Supporters of ousted Egyptian President Mohammed Morsi said they would not end their Cairo sit-ins despite the threat of police action.
Authorities warned the media Sunday that they would soon cordon off the encampments. Rumors swept through the sit-ins that security forces would arrive with the dawn Monday. But authorities have apparently postponed any action.
Foreign Minister Nabil Fahmy told the BBC on Monday that the government has spent three weeks trying to reach an agreement with the protesters but that a court order to oust them is also being sought. “This is a parallel-track process, and ultimately it has to be resolved very soon, either by dialogue or the rule of law,” he said.
“There are conflicting positions inside the government, and even inside the security forces, about the best course of action,” said Karim Medhat Ennarah of the Egyptian Initiative for Personal Rights.

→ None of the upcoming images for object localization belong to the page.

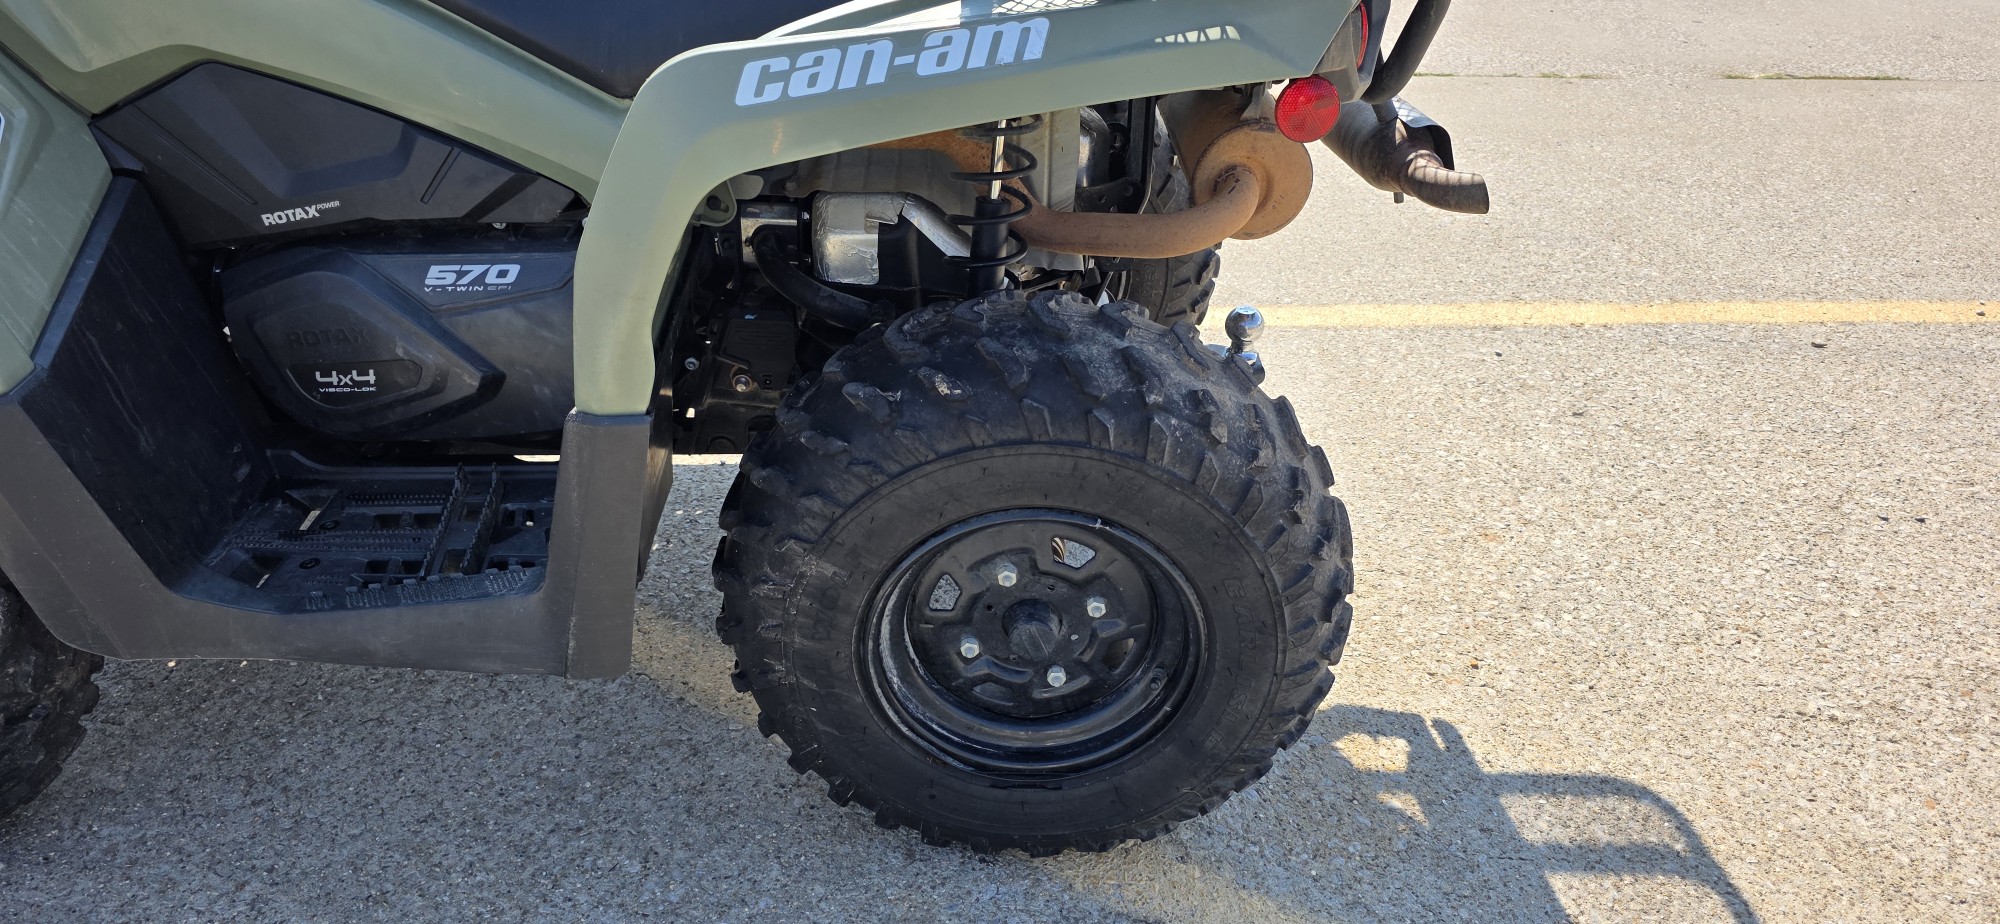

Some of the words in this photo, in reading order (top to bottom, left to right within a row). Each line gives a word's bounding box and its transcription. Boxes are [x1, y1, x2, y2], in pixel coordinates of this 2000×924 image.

[736, 17, 1049, 107] can-am
[261, 205, 320, 226] ROTAX
[317, 200, 340, 210] POWER
[424, 264, 521, 286] 570
[288, 327, 373, 349] ROTAX
[315, 369, 376, 386] 4x4
[1201, 578, 1257, 752] CARLISLE
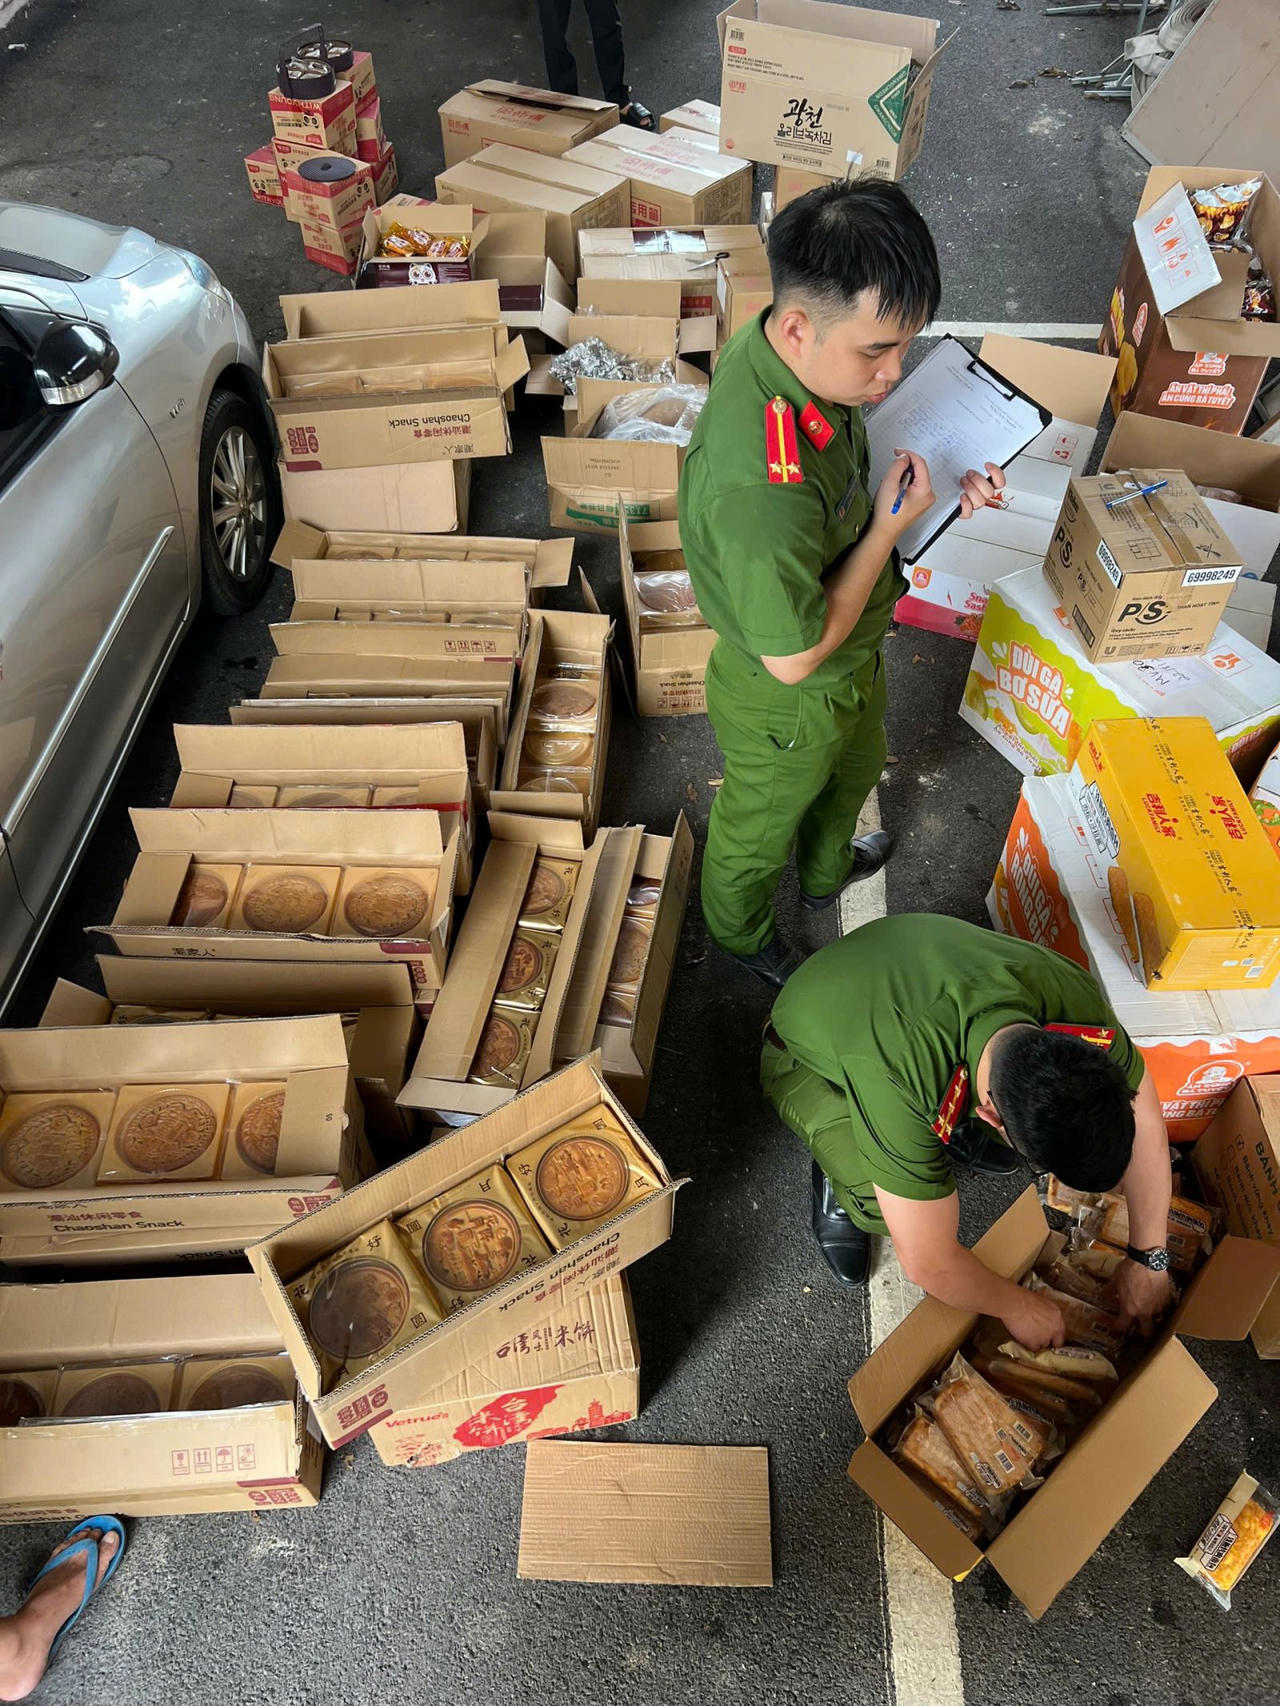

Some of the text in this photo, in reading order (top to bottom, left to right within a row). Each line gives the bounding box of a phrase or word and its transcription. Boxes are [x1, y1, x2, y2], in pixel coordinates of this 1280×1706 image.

“These sit-ins are massive, and even if the government decides to go in, with brute force, without respect for human rights, they would face a lot of casualties — on both sides,” Ennarah said.
Yet if some liberal voices, such as ElBaradei, advocate for more dialogue and a go-slow approach against the sit-ins, they are being drowned out by calls for law and order made by other liberals and leftists — many of the same people who decried the heavy-
handedness of Morsi and his predecessor, Hosni Mubarak.
“This is a violent and armed sit-in, and it is the right of every government to disperse it by law, and the people are saying that if the government does not disperse, we will do it ourselves,” said Karima el-Hifnawy, a leader of the Egyptian Socialist Party.